To confirm the effects of the scaffolds on AC repair in situ, we implanted them into articular cartilage defects in rabbits. The postoperative results showed that cartilage regeneration in the ECM/GDF-5 group was significantly better than that in the other two groups (control and ECM groups), and the gap between the ECM/GDF-5 group and normal cartilage in the sham group was minimal. Combining the in vitro and in vivo experimental results, we propose a possible mechanism by which the ECM/GDF-5 hybrid scaffold enhances AC regeneration. GDF-5 in the scaffold was released in large quantities in the early stage, which acted on MSCs in the joint cavity, especially BMSCs released after microfracture, causing them to migrate to the defect area. Then, the stem cells adhered to the hierarchical porous structure and finally differentiated into chondrocytes. Specifically, as the main component of scaffolds, decellularized ECM combined with GDF-5 can provide a good regenerative microenvironment for cell proliferation and differentiation. Finally, during the interaction between the cells and the scaffold, along with the degradation of the scaffold, regenerative cartilage was gradually produced and finally filled the defect area.

Although the above results showed that the ECM/GDF-5 hybrid scaffold constructed by LDM 3D printing significantly improved the quality of AC repair in situ, there are still some limitations that need to be further explored.

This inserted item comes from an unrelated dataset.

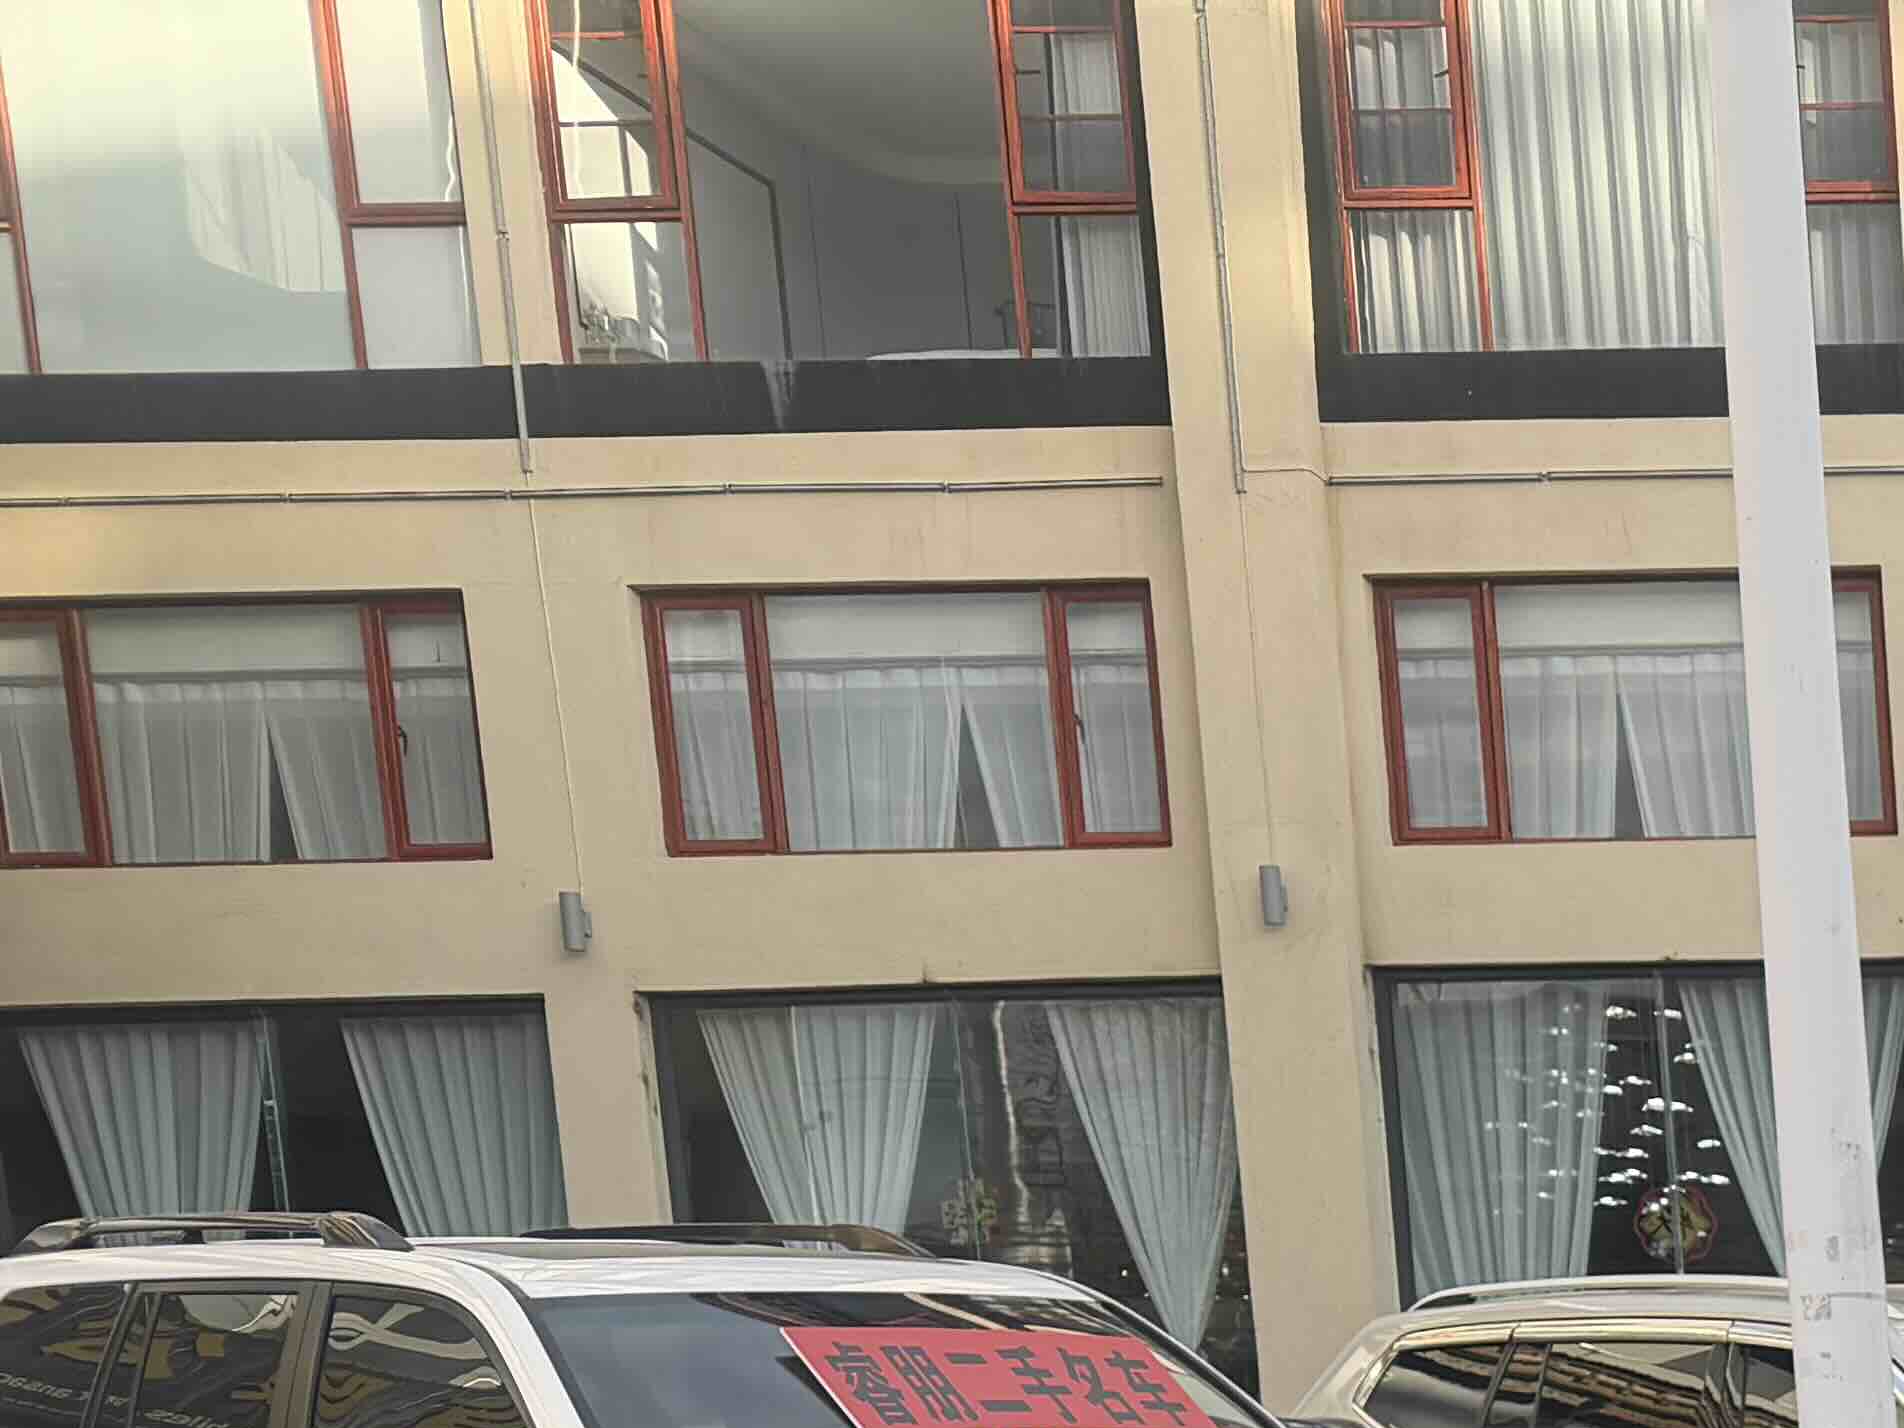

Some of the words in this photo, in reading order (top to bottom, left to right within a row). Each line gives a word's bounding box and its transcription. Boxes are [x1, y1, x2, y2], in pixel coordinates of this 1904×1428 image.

[824, 1341, 1192, 1426] 睿朋二手名车
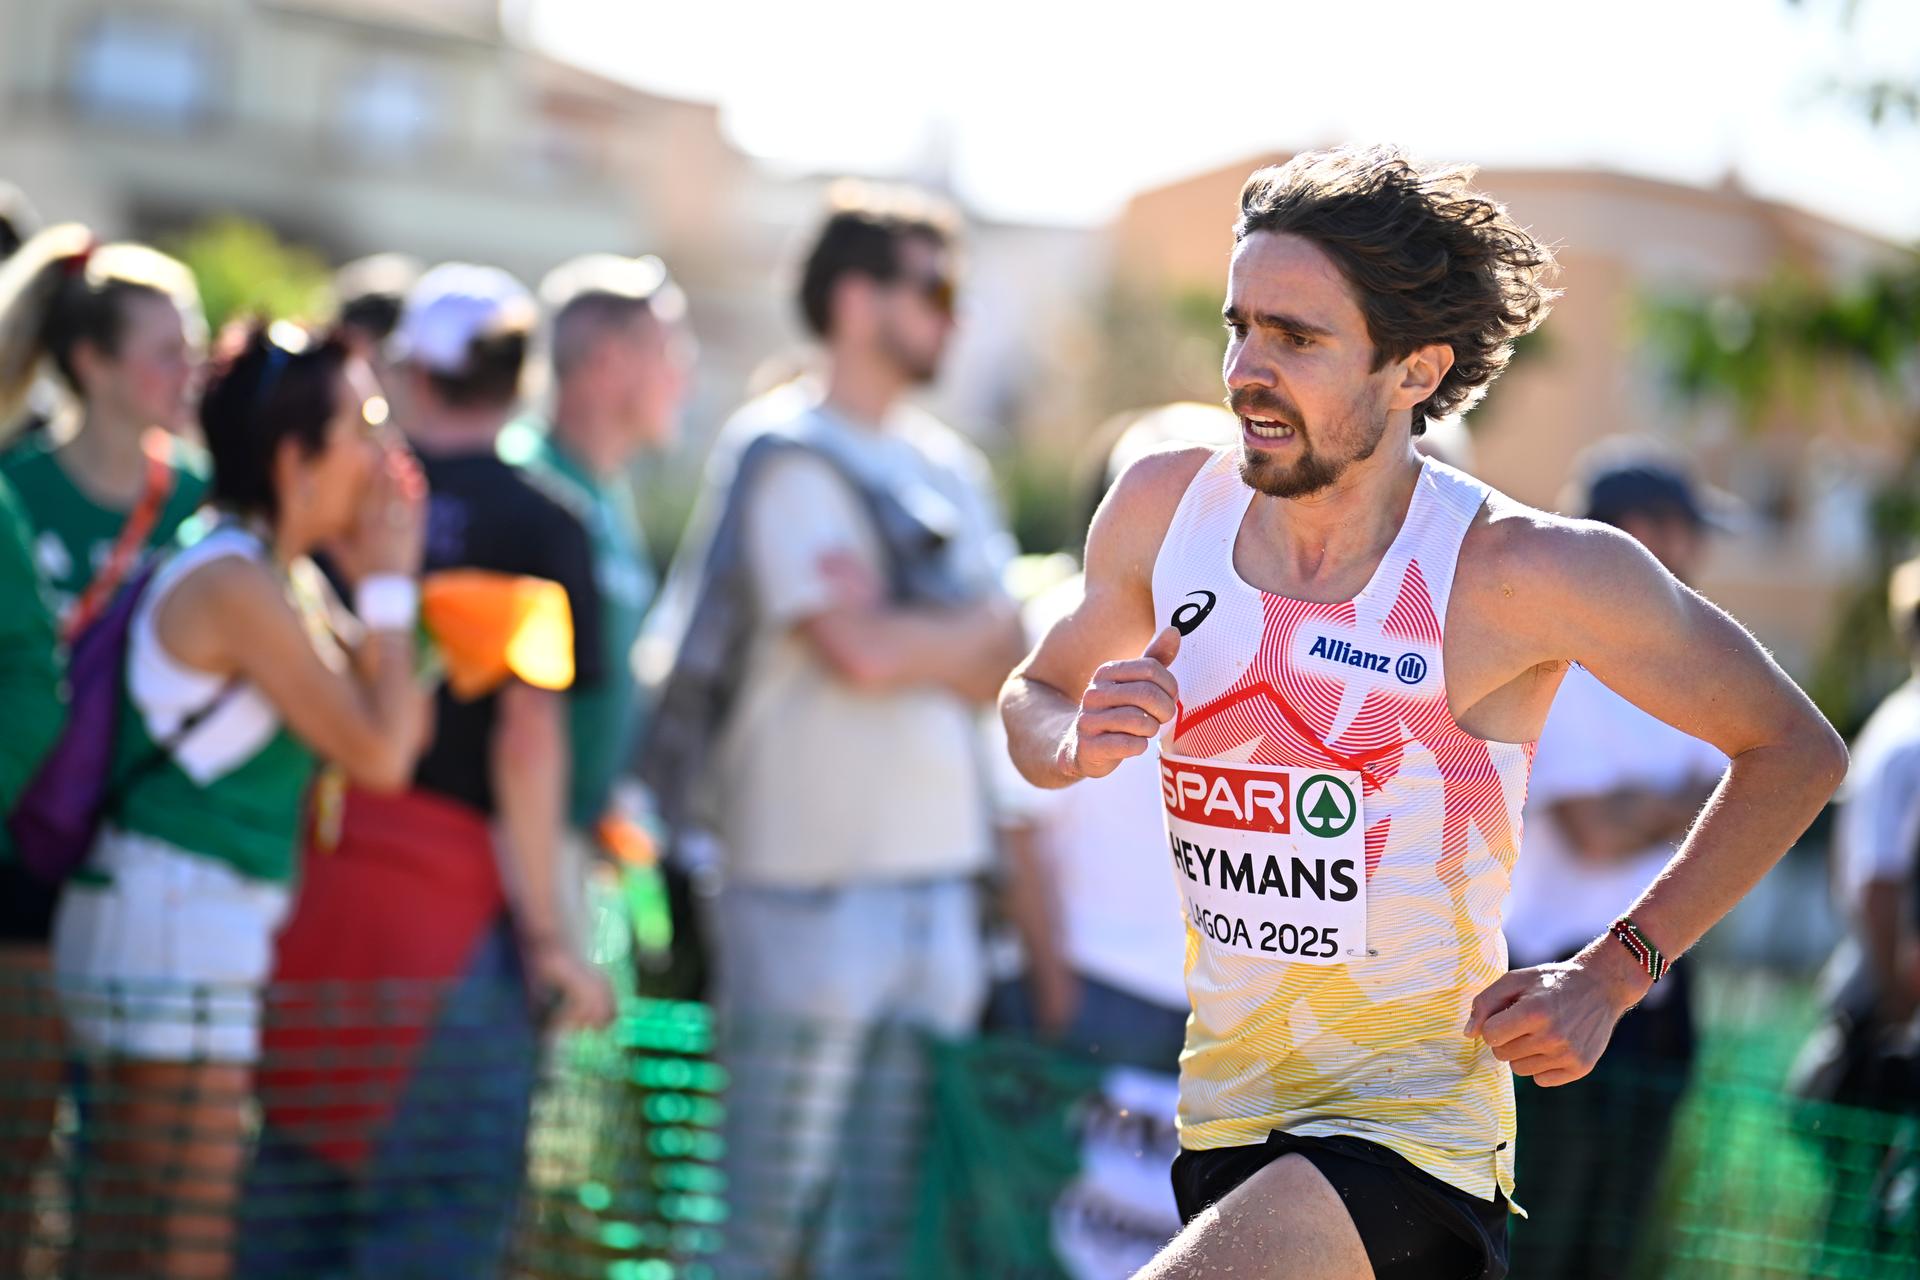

First, due to its low cost and easy availability, we used ECM made from porcine AC. The biosafety of this heterogeneous ECM in clinical application may need to be further verified. Second, the mechanical properties of scaffolds made of ECM alone are poor. How to improve the mechanical properties without affecting their biocompatibility is the focus of our next work. Finally, we need to study the long-term effects before clinical translation in large mammals, such as sheep. Despite the above limitations, this ECM/GDF-5 scaffold printed with LDM technology still has broad prospects in the field of AC in situ tissue engineering and clinical transformation.

Conclusions

In summary, for the first time, we used ECM alone as a bioink in LDM 3D printing and then successfully fabricated a hierarchical porous ECM scaffold incorporating GDF-5. According to the in vitro and in vivo experimental results, the ECM/GDF-5 scaffolds not only recruited a large number of stem cells to the defect area but also provided an ideal regenerative microenvironment for the MSCs. Finally, animal models have demonstrated that the ECM/GDF-5 scaffolds promote in situ AC repair in vivo, indicating that this scaffold has significant potential for AC in situ regeneration tissue engineering in the future.